Fantastic Symbols and How to Use Them

Gala Pouzanov

People are superstitious. We believe that black cats cause bad luck or that objects in the sky can control our destinies. Medieval people were much the same: they observed nature and they read meaning from the patterns they observed. Science, myth, and religion were mixed up and natural history was acceptable only through religious interpretation.

Nowadays, while some people take their horoscope very seriously, most of us enjoy reading about it with a healthy dose of scepticism. Couples might compare star signs but are unlikely to split up if they find themselves incompatible. You might read your horoscope in the newspaper or online but you probably won’t decide to fork out for a yoga retreat just because your sign is in the right mansion of the moon. In medieval times, however, things were quite different…

The phases of the moon were believed to affect the body, and doctors would actually use horoscopes to calculate good and bad times for surgery. Medieval doctors came in three types: 


Physicians who studied anatomy, or Classical medicine. 

Leeches who were not trained in universities but might have had a couple of books… 

Barber-surgeons, which is as bad as it sounds. These medieval Sweeney Todds performed basic surgery but were unlikely to have studied seriously at any point. It is believed that after monks were banned from performing surgery, the barbers took over because they were skilled with sharp blades, which still can’t have been very reassuring to anyone going under the knife. 


Unnervingly, all three kinds of doctor would probably have used these zodaic books, called lunaries, in order to determine the best time for letting blood or cutting into various parts of the body. 

These lunaries frequently had accompanying illustrations, which could help a doctor quickly check which parts of the body were ruled by different signs. The image of the zodiac man had each sign drawn over the part it rules, such as Pisces for the feet or Gemini for the arms. If the moon was in Gemini, you would not want to do anything near the arms because the sign would interfere.

Other lunaries discussed daily life, much like modern horoscopes. We can make some guesses about the people who used these texts from the material in them. The Ashmole 396 manuscript suggests good and bad days of the lunar month for marrying, travelling, buying and selling goods or servants, going hunting, starting a war, or talking to nobles. This is unlikely to have been useful if you were a peasant or a farmer, so we can guess that the reader would have been a nobleman. However, when we calculate which topics are mentioned most frequently, it looks like the newly-formed merchant (or working) class were interested in these texts, since travelling, buying and selling, medicine, and building appear most. This suggests that horoscope-style predictions were popular across a wide range of people. 

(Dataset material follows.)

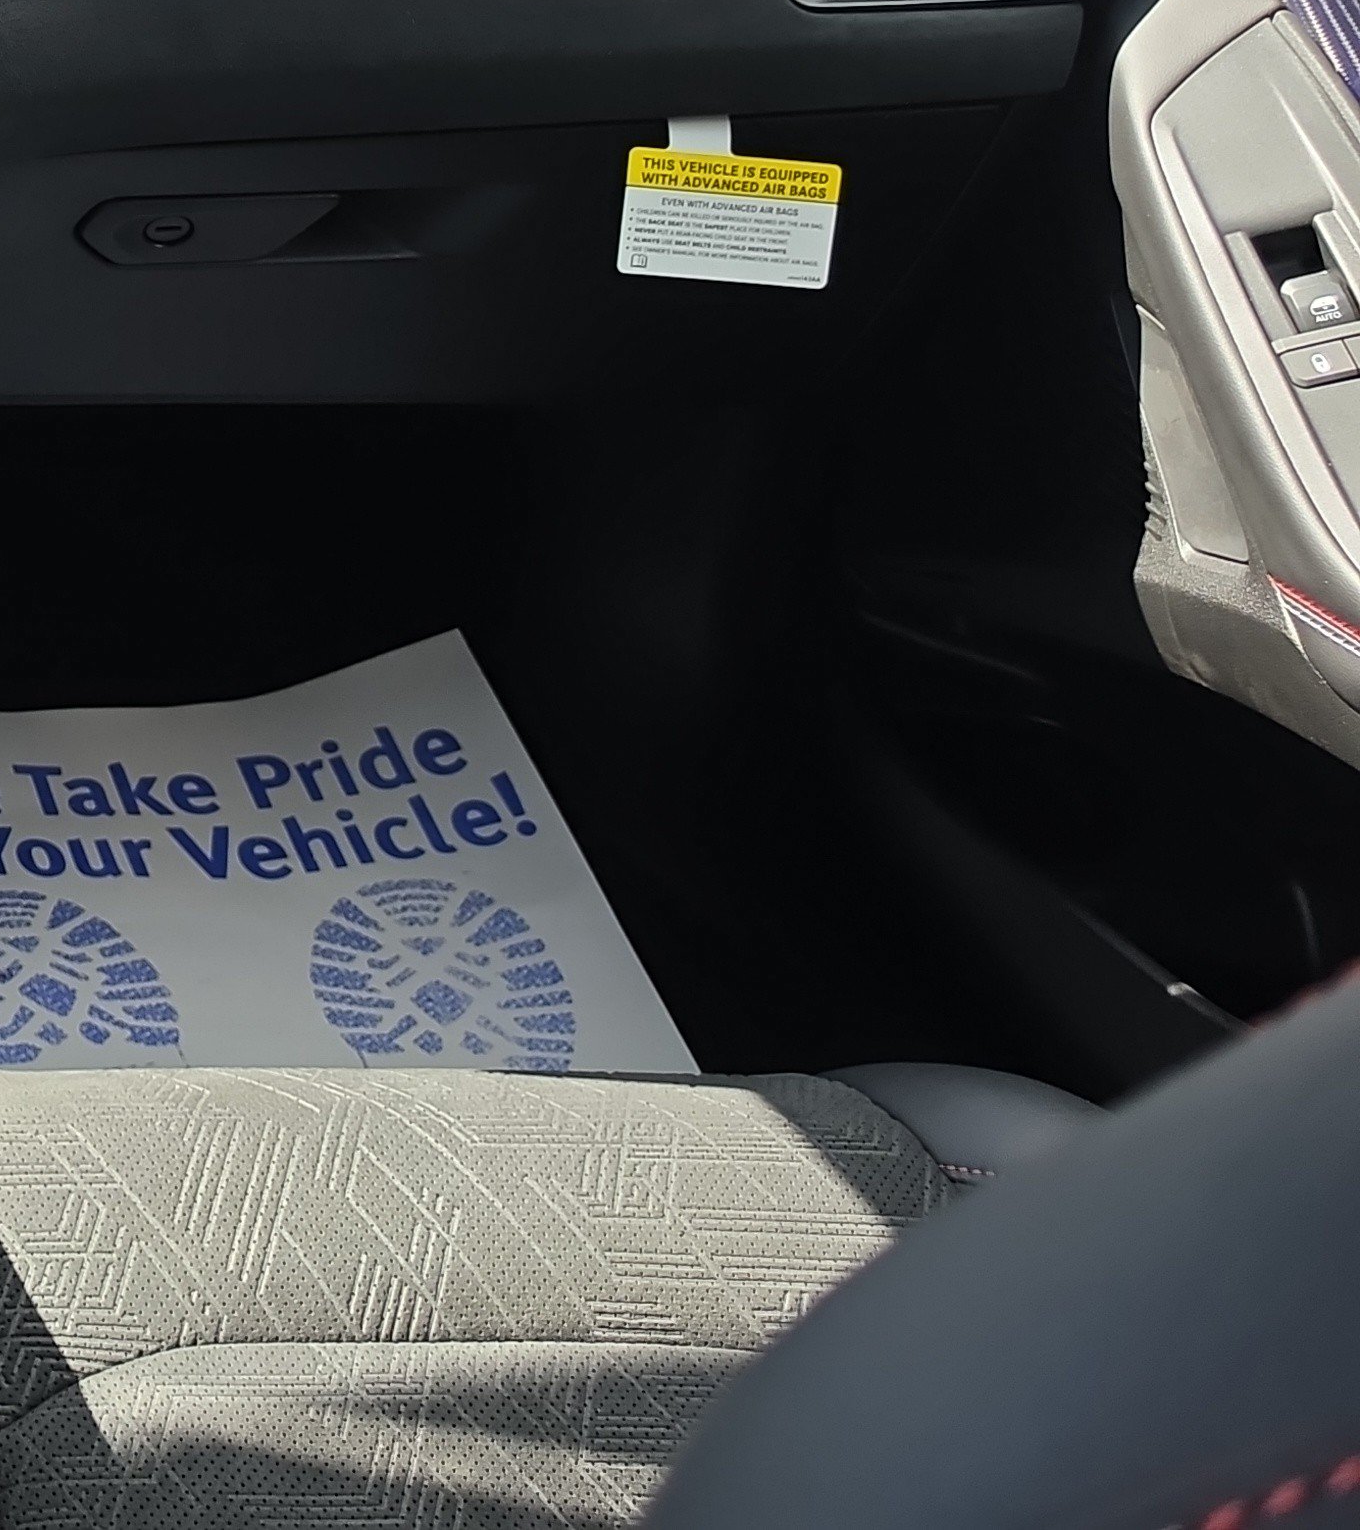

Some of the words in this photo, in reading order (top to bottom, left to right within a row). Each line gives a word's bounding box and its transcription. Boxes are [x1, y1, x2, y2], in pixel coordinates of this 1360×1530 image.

What do you think a lunary would have said about you? Try out our medieval horoscope for some practical life advice straight out of 1399.


Your Medieval Lunar Horoscope

Disclaimer: Don’t take any of this advice and come crying to me. Even medieval folks weren’t entirely convinced by this stuff.




This hot, fiery, masculine sign wants you to get your oven heated up. Also, put your beasts out to pasture, where they belong, and avoid buying servants - since they’ll be dishonest, disobedient, or fugitive.




A good time awaits you in the garden: sow seeds, plant trees, build manors...found castles...oh, and get yourself a wife while you’re at it. Go hunting, but don’t wear any new clothes. Dig some conduits.




Not the best time to break your arm. Or cut your hair. Or borrow things. Or send messages. If you wear your new outfit, you’ll wreck it. Try reconciling differences with a friend instead.




If you get sick under the sign of the crab, you will die. Any weddings at this time are also, kinda, doomed to fail. Instead, why don’t you do something wholesome like starting a war, or fishing?




A time to speak to kings and princes, if you know any. Exchange your gold, build a house, but by no means should you have any chest or heart operations. Release no prisoners, but take all you like.




A growing, fertile time: get out into the garden! This is the time to do anything that you want to be doubled. A good time to marry a corrupt woman but bad to marry a maid. If you’re imprisoned, it’ll end well.



Go west! Sell up your merchandise and start all those things you want to have an ending: parties, projects, the works. Avoid getting anything done to your genitals - no surgery, no medicines, no creams.




If you sicken in Scorpio, get ready for a long time in bed. But it’ll clear up like lightning in the end. Don’t start any work, don’t take any long trips, don’t climb walls or trees, and still keep away from your genitals.




This sign rules your buttocks and thighs, meaning that it’s time to start battles, travel east, and get fishing. Think about bathing and cutting your hair and keep away from your garden. Buy some livestock, too.




Get back in the garden and feel free to head south, but not north if you’re sailing anywhere. It’s time to start doing those things you want wrapped up quickly, but don’t start any battles - save it for Cancer.




Don’t get sick - you will die. Straight up. Instead, consider fun activities like buying black things or delivering that baby you’ve been carrying. Besiege a town or chase an enemy. Buy some servants. Fun stuff.




If you have to get sick, do it in Pisces - best time for it. Totally safe. Also, build a water mill and make some new friends. But don’t lend or borrow any money, or get captured: you won’t get out.